PMCP is a publicly-published data schema and specification contained in two documents, ATSC A/76 and A/76a, that describes an XML schema for the communication of information about ATSC-compliant transport streams and program elements within the transport stream.  While PMCP can be extended to describe DVB- and ARIB-compliant transport streams, such work is beyond the scope of this tutorial.  XML stands for eXtensible Markup Language and is a sister specification to HTML, which is the language behind all web pages.

PMCP data can enter or leave a device as a file or via UDP/IP or TCP/IP transmissions, or, conceptually using other forms of transmission that are not described in the PMCP specification. 

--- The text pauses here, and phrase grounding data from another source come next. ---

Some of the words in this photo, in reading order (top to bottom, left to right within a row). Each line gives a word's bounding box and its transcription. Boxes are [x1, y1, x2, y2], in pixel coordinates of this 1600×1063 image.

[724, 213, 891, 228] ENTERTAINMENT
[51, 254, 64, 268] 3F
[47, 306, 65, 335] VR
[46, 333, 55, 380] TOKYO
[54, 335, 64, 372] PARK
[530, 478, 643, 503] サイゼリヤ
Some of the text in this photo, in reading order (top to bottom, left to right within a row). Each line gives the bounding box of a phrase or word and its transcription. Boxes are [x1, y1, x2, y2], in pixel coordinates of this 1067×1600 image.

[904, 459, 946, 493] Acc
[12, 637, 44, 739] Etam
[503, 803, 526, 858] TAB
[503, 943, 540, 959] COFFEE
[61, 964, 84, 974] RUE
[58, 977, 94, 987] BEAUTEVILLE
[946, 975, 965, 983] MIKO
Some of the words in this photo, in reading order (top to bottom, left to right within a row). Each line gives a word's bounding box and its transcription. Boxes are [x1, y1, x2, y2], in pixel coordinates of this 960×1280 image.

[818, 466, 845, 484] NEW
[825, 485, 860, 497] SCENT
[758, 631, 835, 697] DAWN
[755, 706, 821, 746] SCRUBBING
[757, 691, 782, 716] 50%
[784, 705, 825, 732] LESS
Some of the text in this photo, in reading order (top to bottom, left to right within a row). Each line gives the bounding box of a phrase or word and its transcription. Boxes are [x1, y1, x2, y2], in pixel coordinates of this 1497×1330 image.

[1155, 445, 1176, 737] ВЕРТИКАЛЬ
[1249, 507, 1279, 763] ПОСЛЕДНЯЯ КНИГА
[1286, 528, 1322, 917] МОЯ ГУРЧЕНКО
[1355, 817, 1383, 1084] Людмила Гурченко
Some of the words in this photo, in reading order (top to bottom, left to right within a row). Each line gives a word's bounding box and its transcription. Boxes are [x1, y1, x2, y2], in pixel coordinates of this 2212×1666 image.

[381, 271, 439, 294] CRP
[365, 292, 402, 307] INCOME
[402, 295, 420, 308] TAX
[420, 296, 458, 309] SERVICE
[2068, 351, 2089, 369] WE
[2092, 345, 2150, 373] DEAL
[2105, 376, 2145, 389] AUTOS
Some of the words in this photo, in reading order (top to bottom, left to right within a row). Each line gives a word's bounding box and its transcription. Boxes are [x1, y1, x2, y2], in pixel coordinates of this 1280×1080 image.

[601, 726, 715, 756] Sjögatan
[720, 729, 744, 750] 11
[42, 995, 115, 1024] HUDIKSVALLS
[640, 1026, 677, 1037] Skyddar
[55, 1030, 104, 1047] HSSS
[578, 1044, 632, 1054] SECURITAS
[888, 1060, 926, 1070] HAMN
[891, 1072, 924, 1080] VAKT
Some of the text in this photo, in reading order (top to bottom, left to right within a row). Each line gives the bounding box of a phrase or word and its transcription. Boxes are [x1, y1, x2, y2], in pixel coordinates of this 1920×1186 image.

PMCP is constructed as one ore more messages that emanate from one device and which may be received by one or more devices.  Each message must comply with the requirements of the PMCP schema.  One or more messages make up the data set that is used to create PSIP.  The schema provides for messages that add, udate, delete or merely read data stored in the receiving device.

The PMCP schema includes some mandatory elements that need to be included in any message that uses a particular PMCP object, generally because that is the only method usable to access the object.  Nothing in the schema requires that any single message have all the elements needed to construct a particular object; this is left up to implementers..  So, while the PMCP schema employs rigid rules on the format and content of messages, there is still enough room in the schema to easily make human errors in defining program elements.

For Internet use, the port number 3821 has been reserved for PMCP use, although PMCP users are free to use any commonly-understood port number for Internet communications.